▶ _YOUR OBJECTIVE_
Output the data word for word, dropping every image.

(AVAILABLE DATA begins)

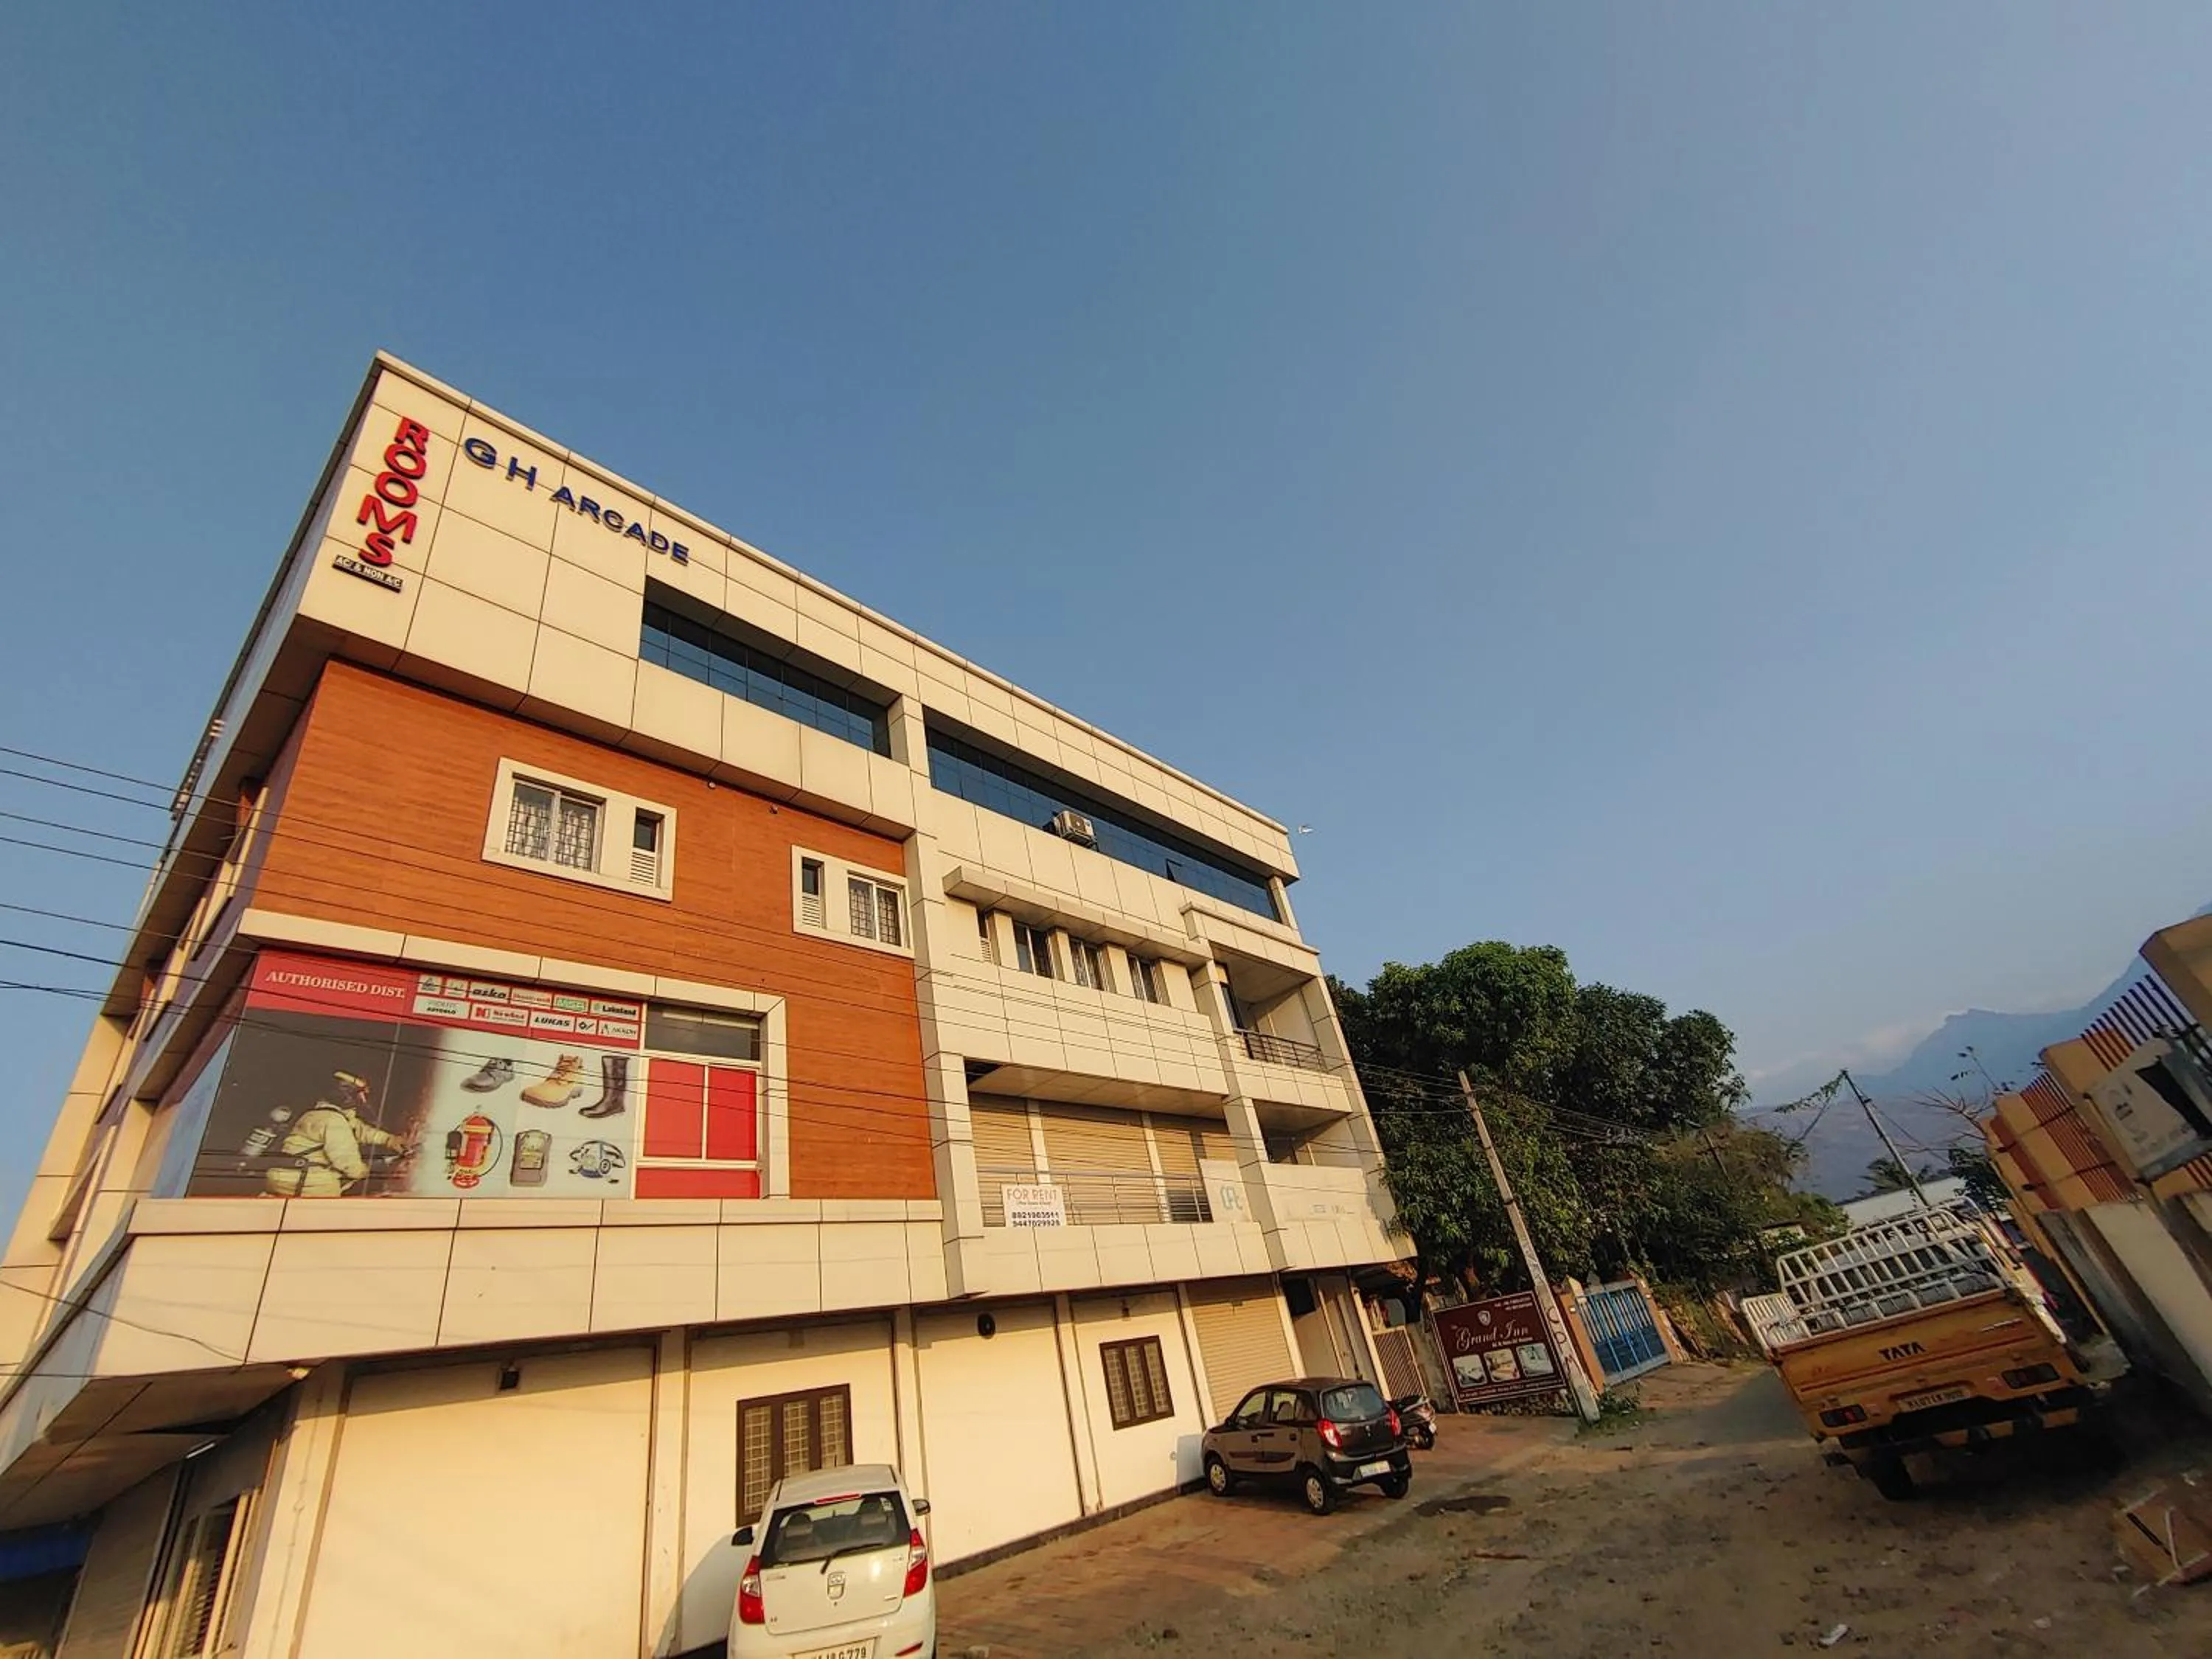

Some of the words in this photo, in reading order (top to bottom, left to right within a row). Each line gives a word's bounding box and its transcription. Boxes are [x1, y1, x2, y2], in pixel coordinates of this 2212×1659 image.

[358, 417, 428, 567] ROOMS
[549, 486, 689, 566] ARCADE
[364, 567, 384, 579] NON
[265, 971, 368, 993] AUTHORISED
[534, 1016, 570, 1027] LUKAS
[1006, 1188, 1028, 1200] FOR
[1032, 1189, 1057, 1200] RENT
[1455, 1326, 1498, 1351] Grand
[1878, 1341, 1927, 1360] TATA
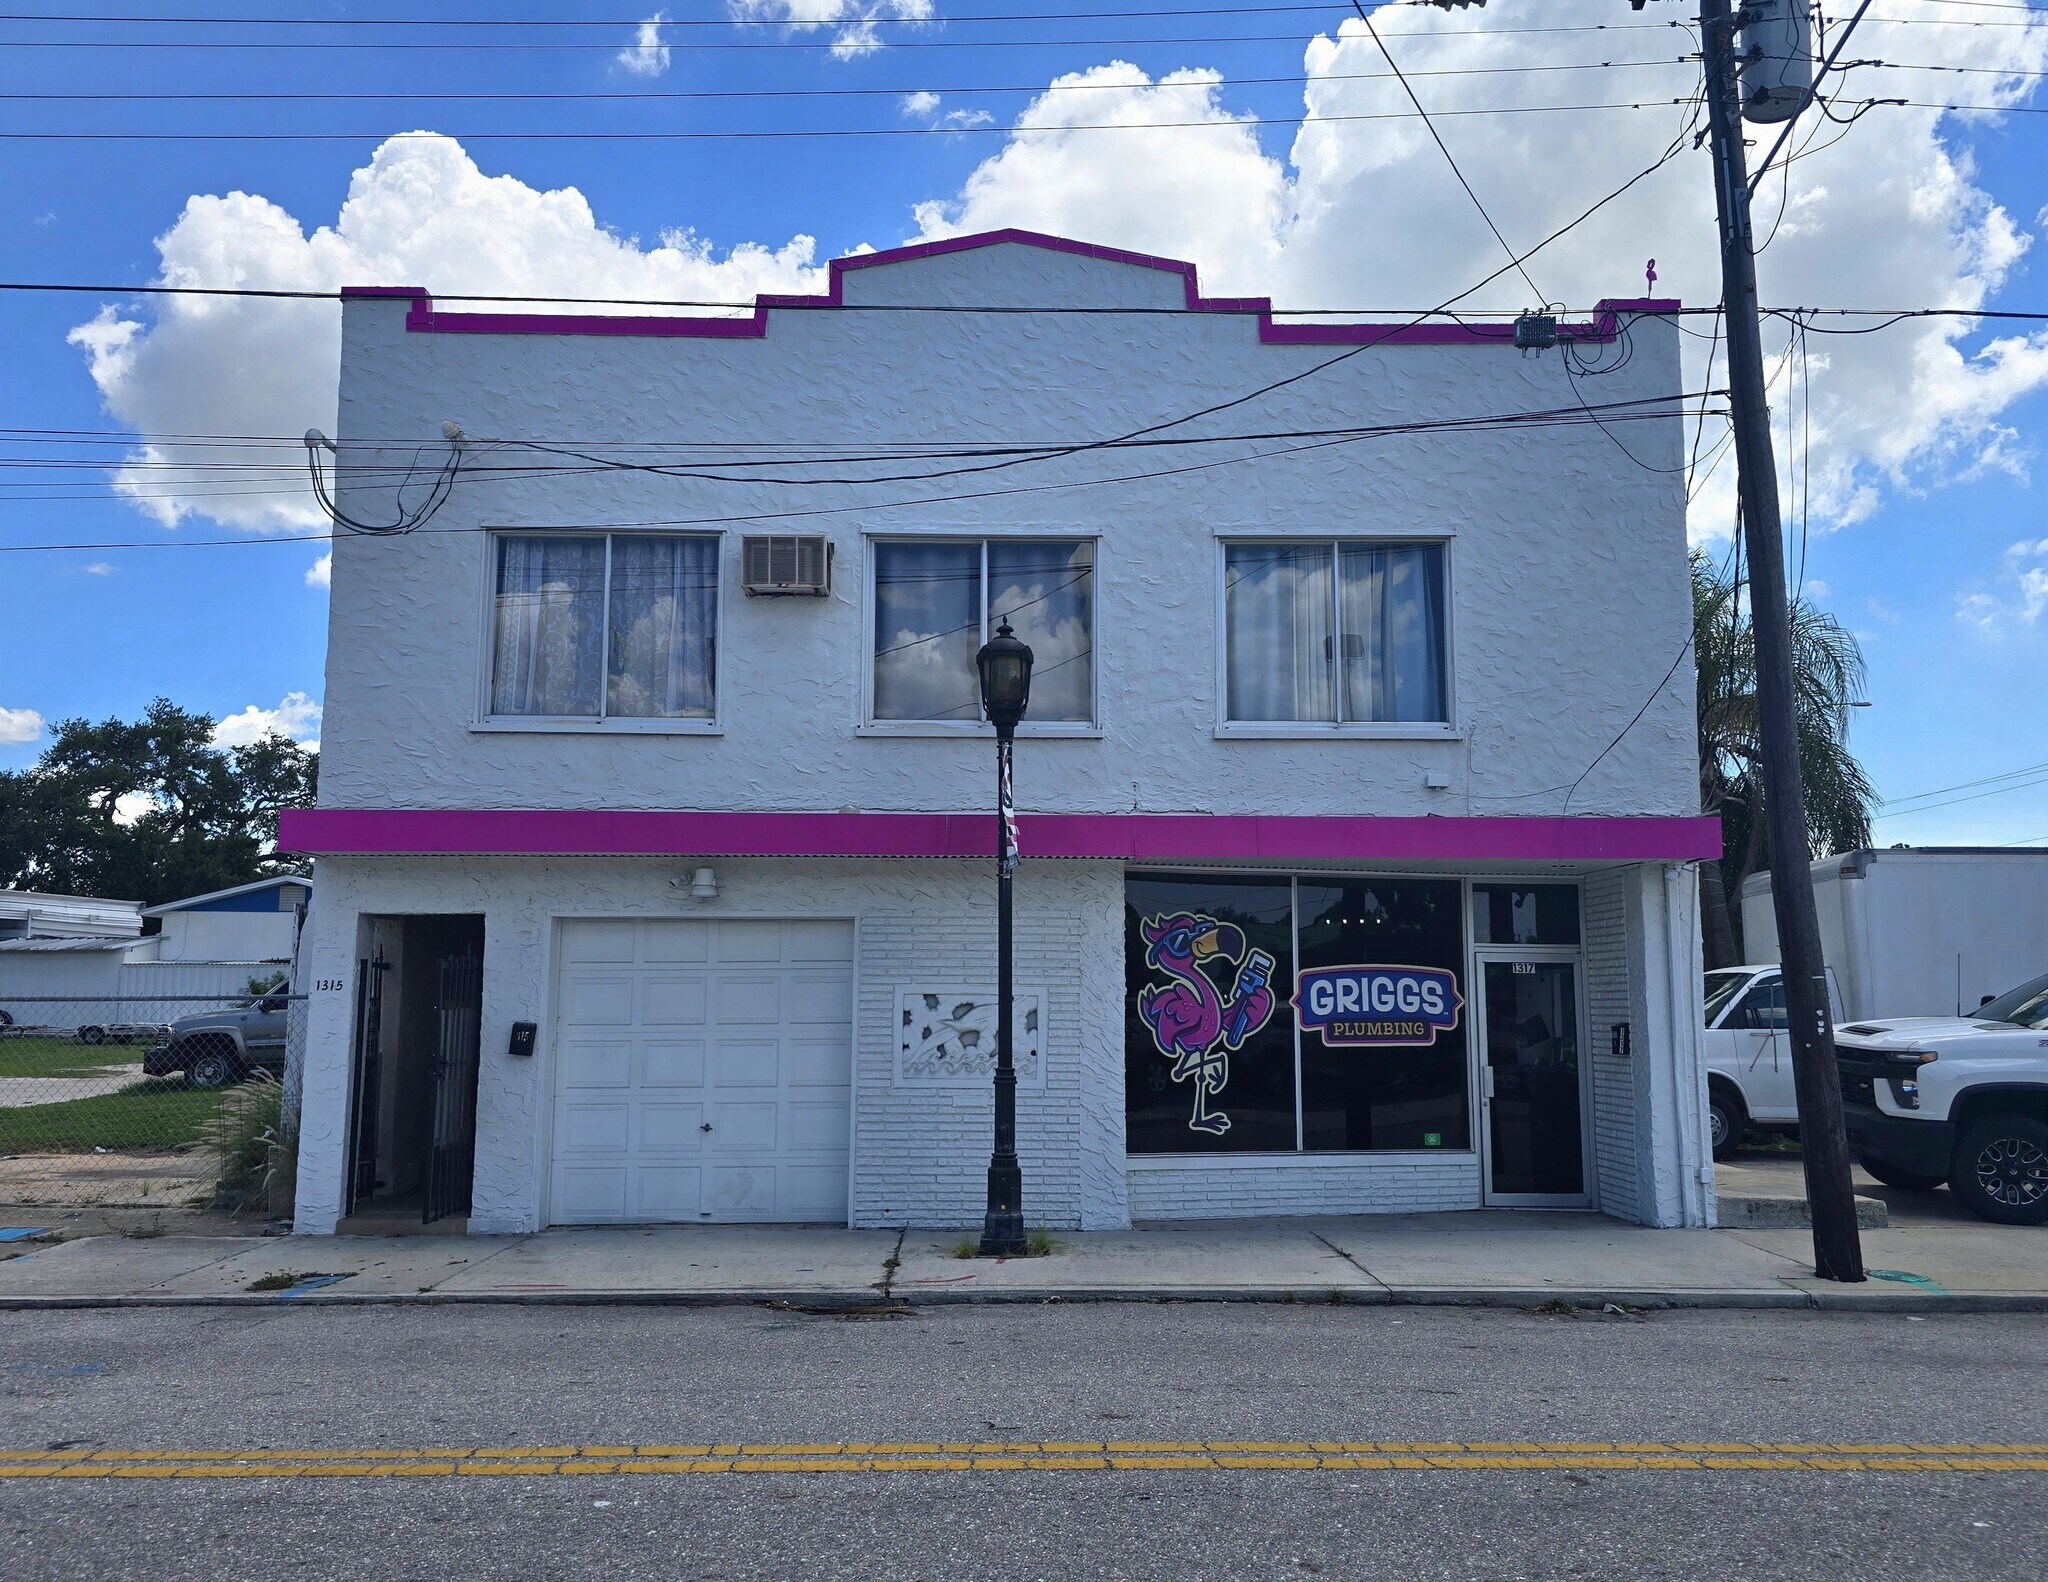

(AVAILABLE DATA ends)

▶ _TASK SOLUTION_
Some of the words in this photo, in reading order (top to bottom, left to right within a row). Each line gives a word's bounding box and its transcription. Boxes are [x1, y1, x2, y2], in pixel coordinates of this 2212×1659 image.

[358, 417, 428, 567] ROOMS
[549, 486, 689, 566] ARCADE
[364, 567, 384, 579] NON
[265, 971, 368, 993] AUTHORISED
[534, 1016, 570, 1027] LUKAS
[1006, 1188, 1028, 1200] FOR
[1032, 1189, 1057, 1200] RENT
[1455, 1326, 1498, 1351] Grand
[1878, 1341, 1927, 1360] TATA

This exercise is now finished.